Rebecca:Tell me a little about your background and what your research interests are.

Weaver:So, I am a professor of psychology here in St. Louis. I am a clinical psychologist and my area of research and clinical interests are the psychological impacts of exposure to traumatic events with a particular interest in Post Traumatic Stress Disorder and the associations between PTSD and different emotional and physical health problems.

R:From your research and experience, how do you think this traumatic event will impact the students and victims?

W:Well, it’s hard to say exactly how they will be impacted, but we know based on looking at research of other mass shootings that people can be significantly impacted. If you think about it, the shooting occurred in a place that is really supposed to be a safe place. So, having life threatening violence and intentional violence that occurs in a safe space—a space that students go to every single day—can be very scary and very difficult.

R:Can you explain some of the differences in reactions that would occur amongst the victims?

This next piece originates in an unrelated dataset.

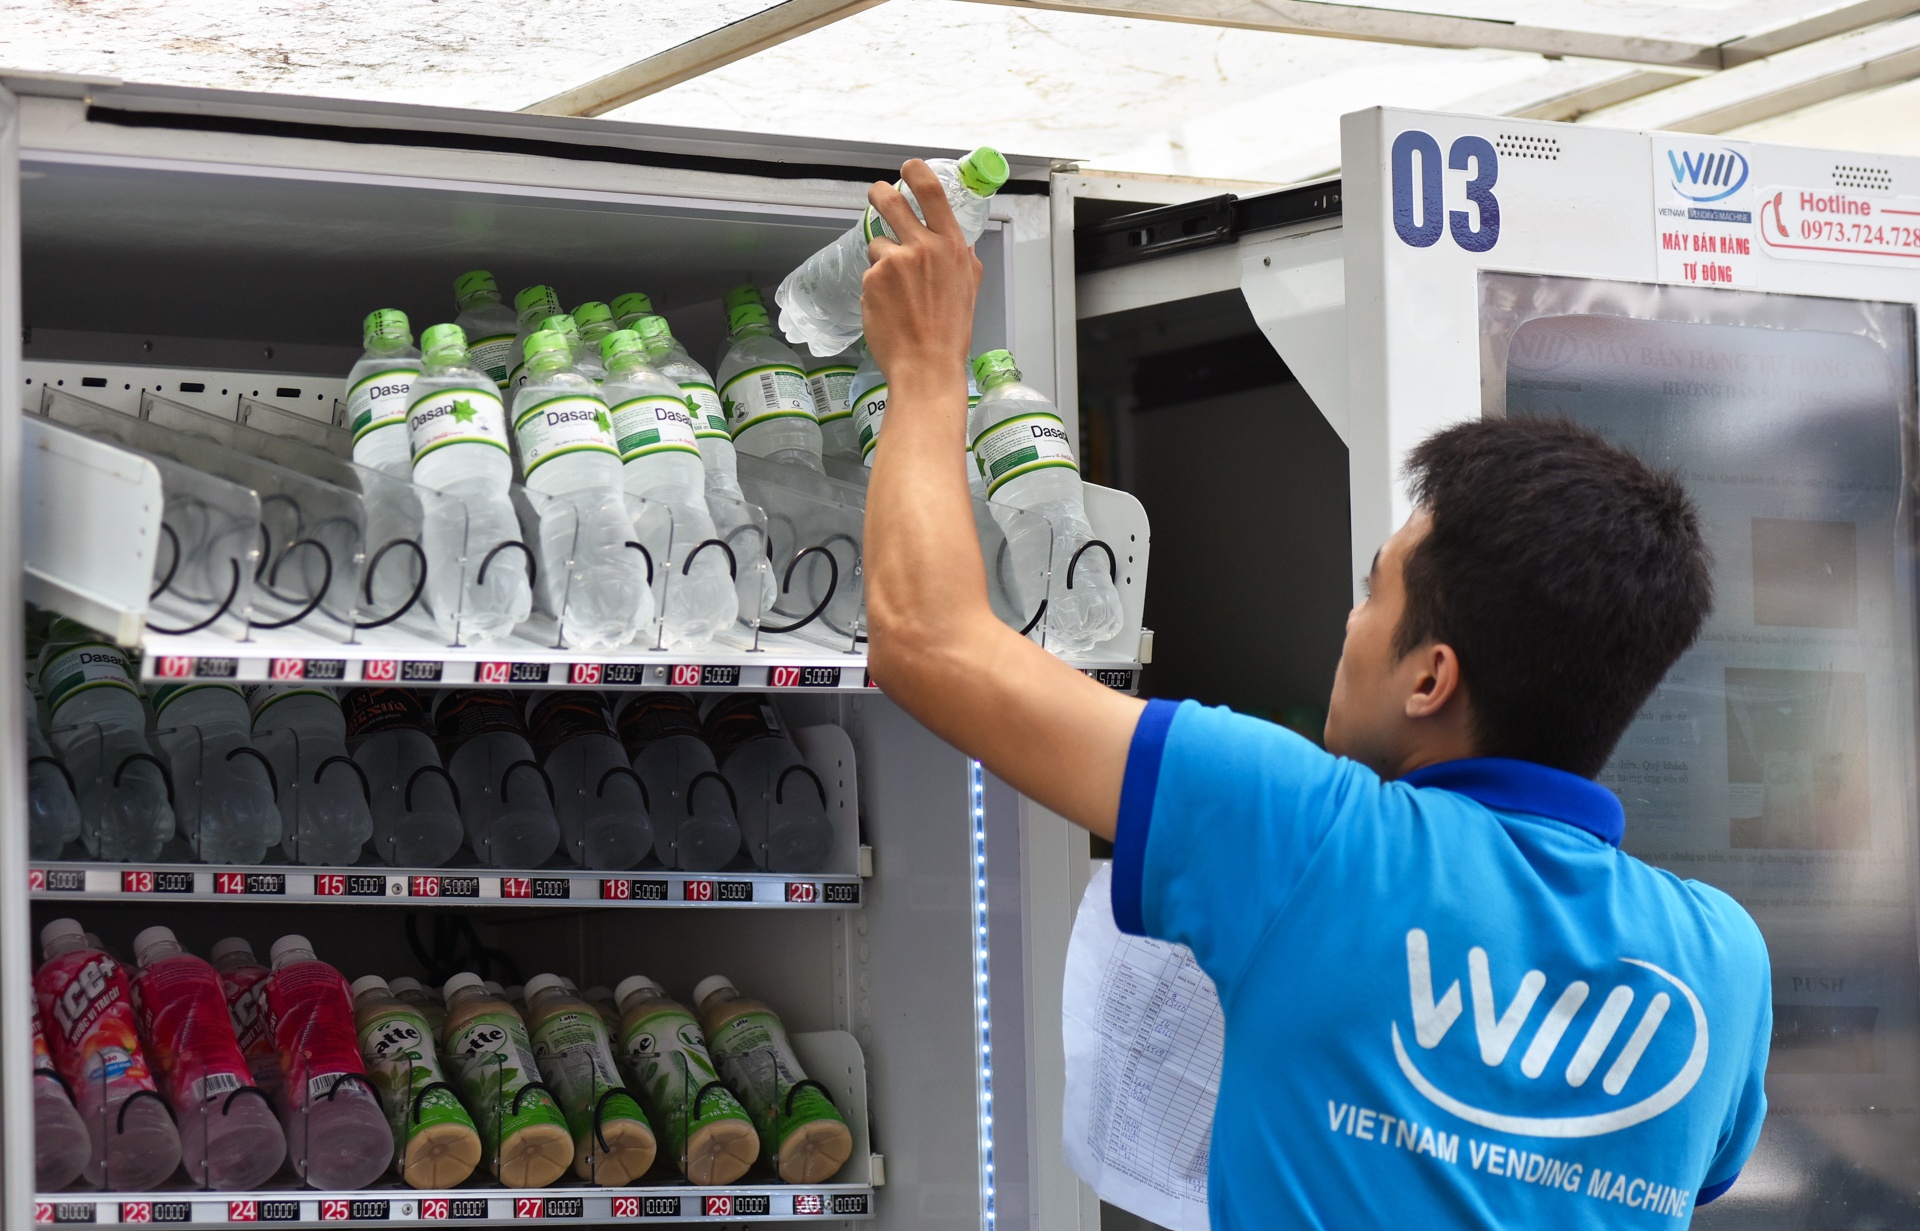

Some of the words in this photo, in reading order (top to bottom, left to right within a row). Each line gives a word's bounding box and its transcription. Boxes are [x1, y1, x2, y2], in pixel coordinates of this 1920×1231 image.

W:There will be some gradations of how students are impacted, but the people who may be the most affected are those who were closest to the violence. There are those who were injured, or who were close in terms of a friend being severely injured or killed, or they may have directly witnessed the violence. Then there’s the impact of the aftermath of the violence, which when it occurs in a place of daily life like that, it provides these additional disruptions and reminders of the traumatic event that occurred. Forever this school will be associated with that, not only for them, but for the whole community.

R:What are some ways that victims can heal moving forward?

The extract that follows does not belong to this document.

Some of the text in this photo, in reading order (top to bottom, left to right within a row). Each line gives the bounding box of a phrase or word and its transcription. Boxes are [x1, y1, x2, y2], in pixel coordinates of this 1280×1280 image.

W:During recovery, we encourage people to practice good self-care, and to try to get sleep, [and] to try to allow your body and your mind to emotionally heal from an experience. But also allowing a person to talk about [it], [and] meeting them where they are. I think the students having the opportunity to speak out and express their concerns with policies is very healthy and empowering. When people make meaning out of their experience, it can be very helpful in terms of recovery.

R:How do these kinds of events impact our greater society, even for the students at SLU?

W:That’s a really good question. I really do think that safety comes from cohesive communities. When people look out for one another and are knowledgeable about risky situations and how to respond to them, then I feel that will lead to greater safety for all of us. What I would not want to see come out of this is increased stigmatizing of mental disorders, and for the most part, mental disorders do not make people more violent.